For more resources, you can refer below:
We have written many articles on the MAS-TRM and Cyber Hygiene requirements, but if you are a regulated entity or provide software or services to a regulated entity the bar is even higher.
Procurement & Marketing
As a B2B company ourselves, we are constantly asked about our internal security posture, especially when we work with big organizations. And this alone is a big reason our customers turn to Horangi to improve their security posture — to put themselves in a better position to work with other organizations.
In many cases, an organization cannot bid for a government or enterprise tender if it doesn’t have a proven internal security standard. However, when the company has a robust security posture and can show it with compliance, it becomes an added bonus that helps win tenders. These high security standards can also be a means of marketing, to stand out against competitors.
A company’s CISO becomes another selling channel to generate high-quality leads when they can connect with potential customers through their CISOs or CIOs. CISOs and CIOs often play a deciding role in the procurement process. In fact, they are likely more willing to recommend vendors with a higher security standard. This is especially important for clients that have stringent security requirements, such as those falling under the financial services umbrella or other regulated industries. Moreover, for a SOC 2-compliant company, it is actually a requirement to use a SOC 2 compliant vendor.
What Does Horangi Do Now?
Horangi is currently in the process of pursuing SOC 2 complianceSOC 2 compliance. It is a challenging journey that we believe will ultimately pay off. Instead of spending a week to fill a Third-Party Information Security Questionnaire (TISQ) for a client every time and still risk losing the contract because of perceived inadequate security requirements, Horangi will soon be able to show a universally accepted SOC 2 report.
Not only does this help us satisfy standard security requirements, but it also provides that competitive edge over other similar companies.
Depending on the initial state of the company’s security posture, the size and complexity of the company, the resources of the Internal Security and IT teams, SOC 2 compliance may take as long as a year or two to achieve. The journey starts by understanding the current state through a cybersecurity assessment (a.k.a gap analysis) and creating a remediation plan. Automated tools can help achieve compliance faster. At Horangi we are targeting to achieve compliance before the end of 2021.
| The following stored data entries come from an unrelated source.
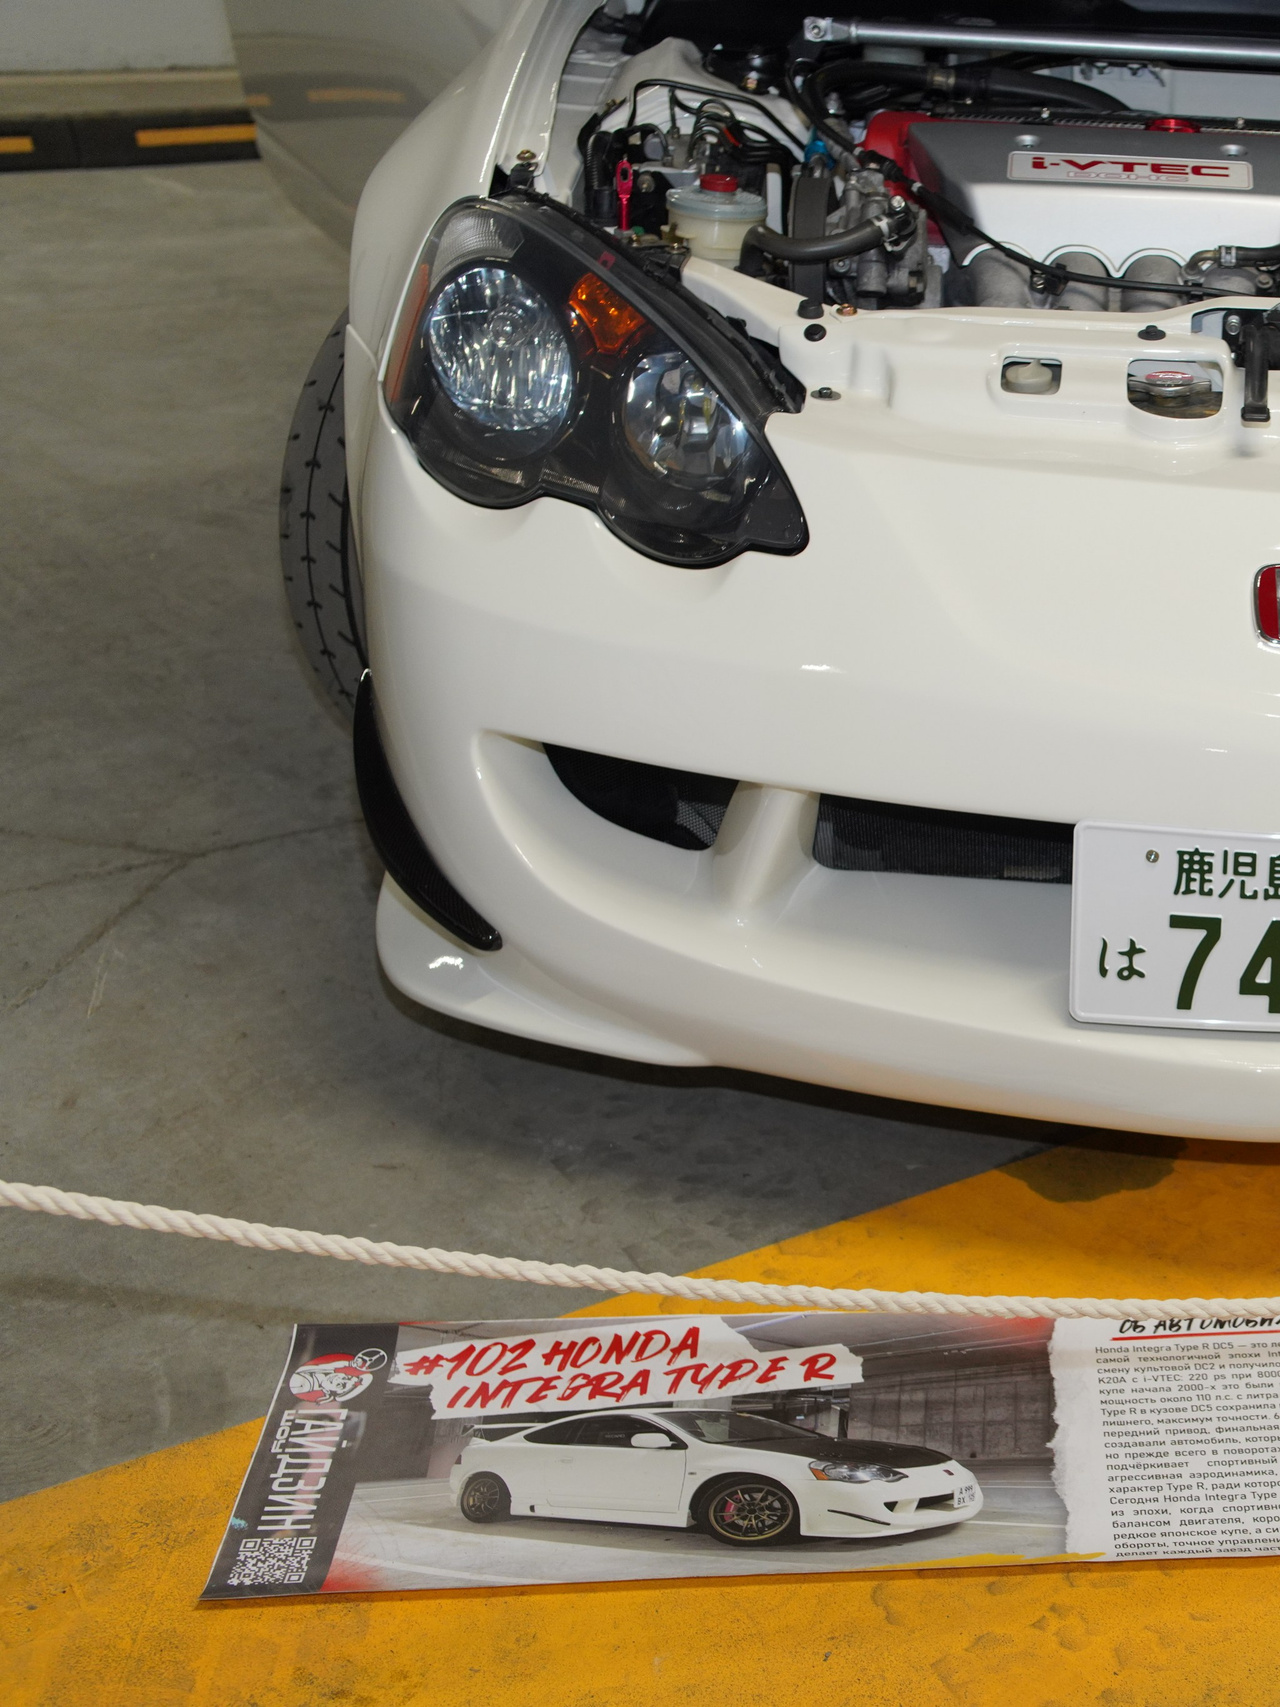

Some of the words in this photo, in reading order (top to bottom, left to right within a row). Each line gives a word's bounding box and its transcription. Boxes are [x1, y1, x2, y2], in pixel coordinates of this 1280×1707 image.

[1031, 157, 1230, 178] i-VTEC
[1099, 937, 1147, 981] は
[404, 1338, 537, 1381] #102
[541, 1326, 701, 1377] HONDA
[1095, 1355, 1131, 1364] самой
[1137, 1352, 1222, 1362] технологичной
[446, 1368, 653, 1410] INTEGRA
[662, 1355, 788, 1396] TYPE
[798, 1352, 838, 1383] R
[1098, 1387, 1126, 1396] купе
[1177, 1383, 1217, 1392] 2000-х
[1244, 1381, 1275, 1389] были
[1156, 1416, 1213, 1426] максимум
[1104, 1440, 1166, 1449] создавали
[1124, 1451, 1170, 1460] прежде
[257, 1408, 348, 1531] ГАЙДЗИН
[1106, 1460, 1190, 1472] подчёркивает
[1206, 1456, 1278, 1468] спортивный
[1107, 1473, 1183, 1483] агрессивная
[1108, 1485, 1164, 1495] характер
[1166, 1482, 1194, 1492] Type
[1210, 1482, 1241, 1491] ради
[1109, 1495, 1159, 1506] Сегодня
[1163, 1493, 1201, 1502] Honda
[1204, 1492, 1247, 1502] Integra
[1251, 1490, 1278, 1500] Type
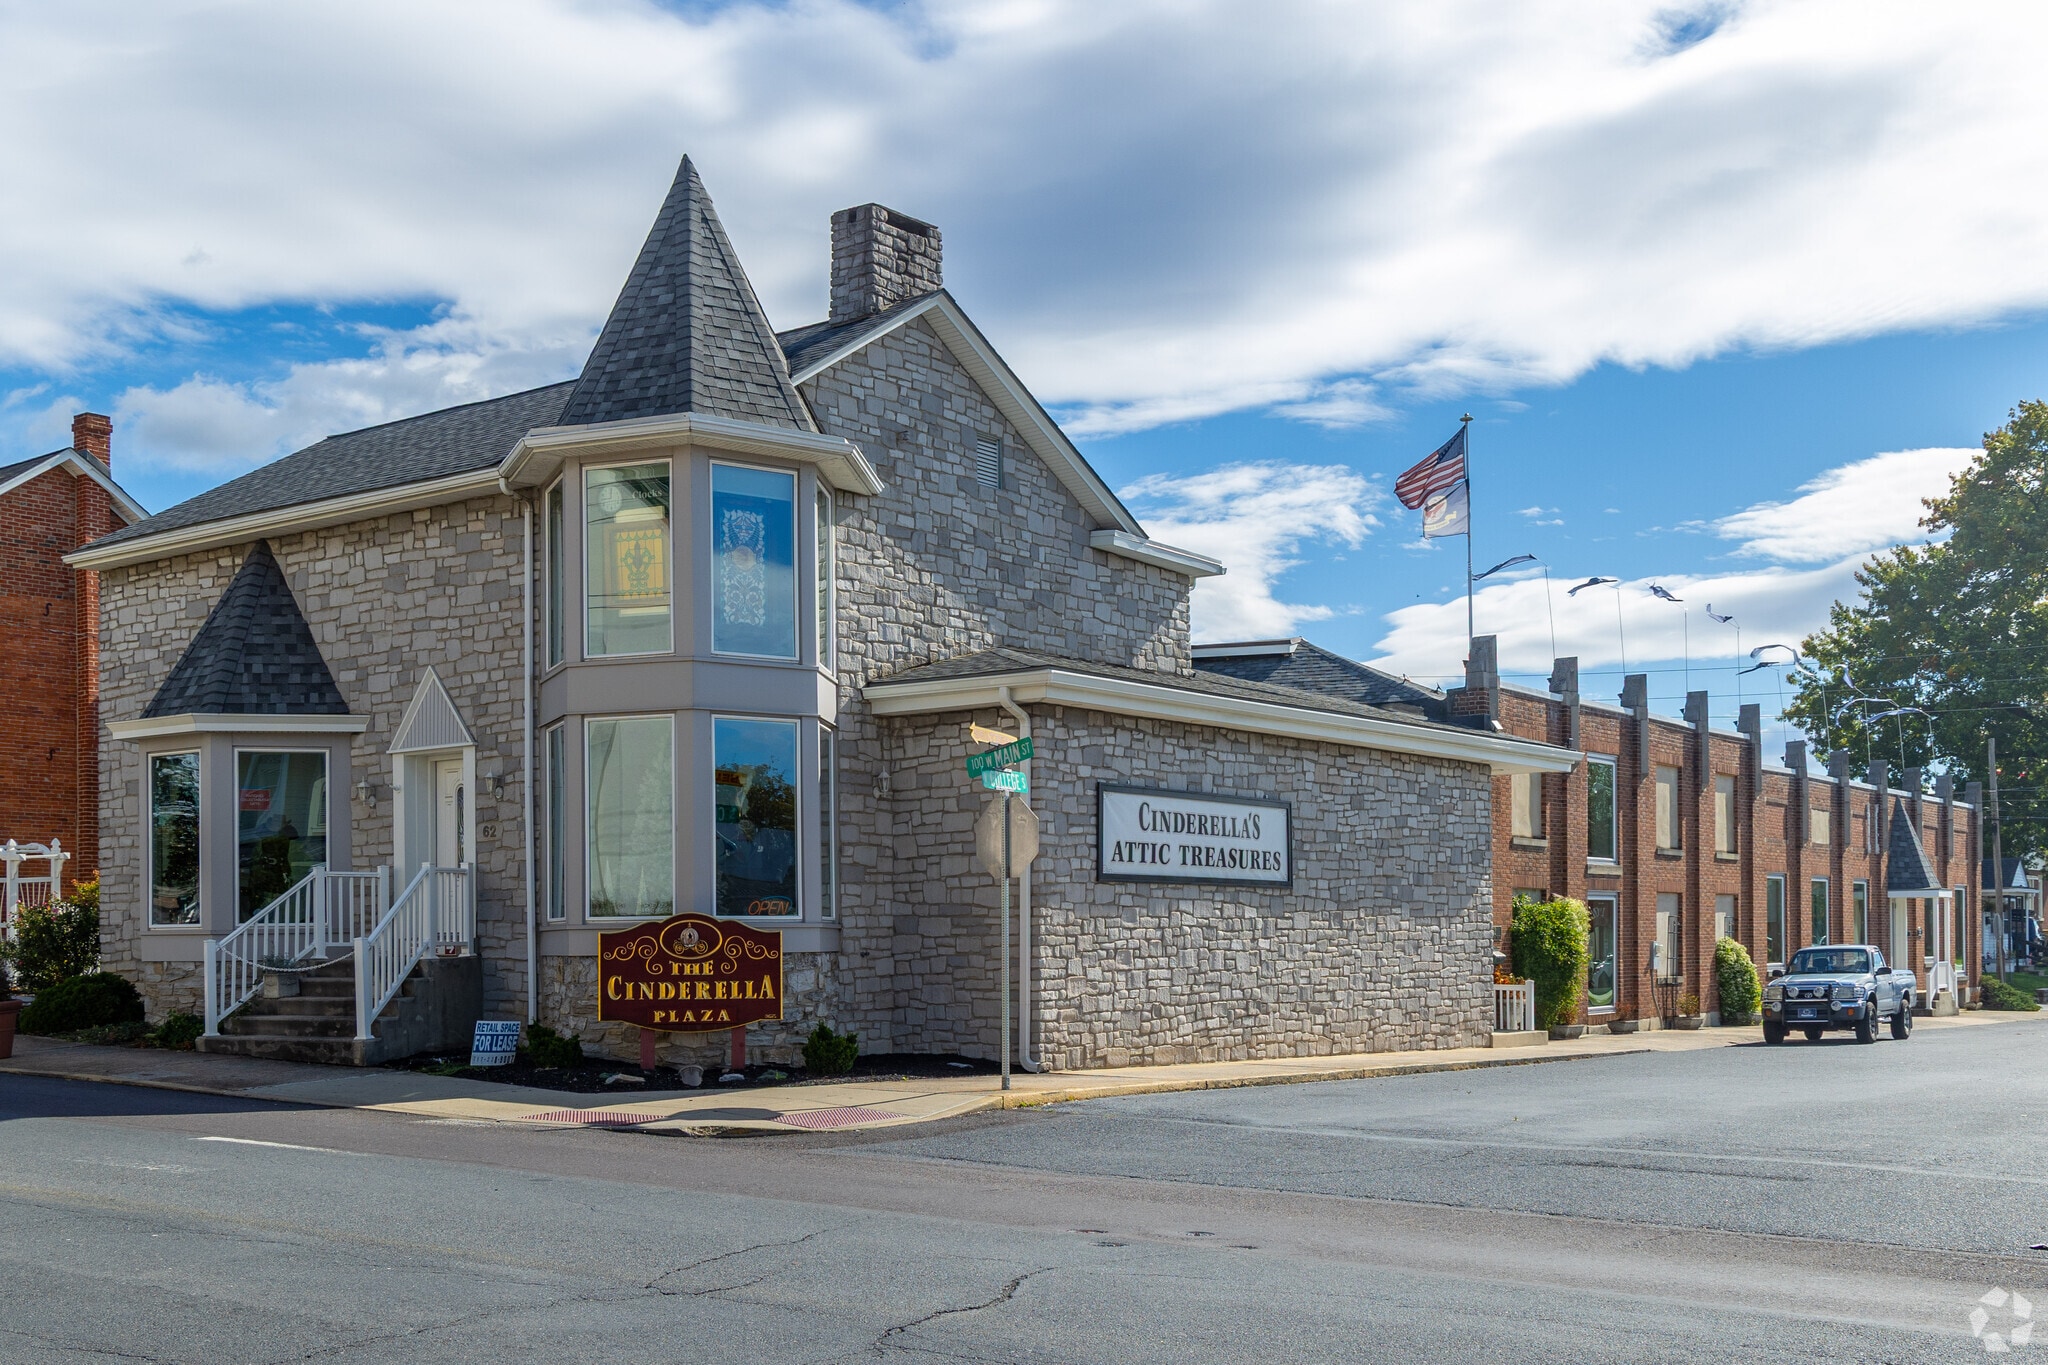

While working on achieving compliance, Horangi’s internal security team regularly receives questions from clients about how safe their data is with Horangi. To keep client’s data secure, Horangi operates continuous cloud monitoring, EDR, and DLP solutions. To verify the effectiveness of controls, Horangi regularly undergoes security assessments internally and externally.
What’s On Horangi’s Horizon?
In conjunction with us achieving SOC 2 certification by the end of the year, we plan to launch a media campaign to announce this achievement that demonstrates our security posture and credibility as a security provider. We see it as our mission to improve the level of cybersecurity in the region and to help companies innovate without fear.
At the end of this arduous journey, we look forward to sharing our experience with the community to help others accelerate their own SOC 2 certification process.
Ultimately, even as we continue to mature our internal CSIRT and secure product development process, we are seeing cybersecurity gain recognition as a powerful sales and growth enabler. From the perspective of a security company like ourselves, that always is something great to see.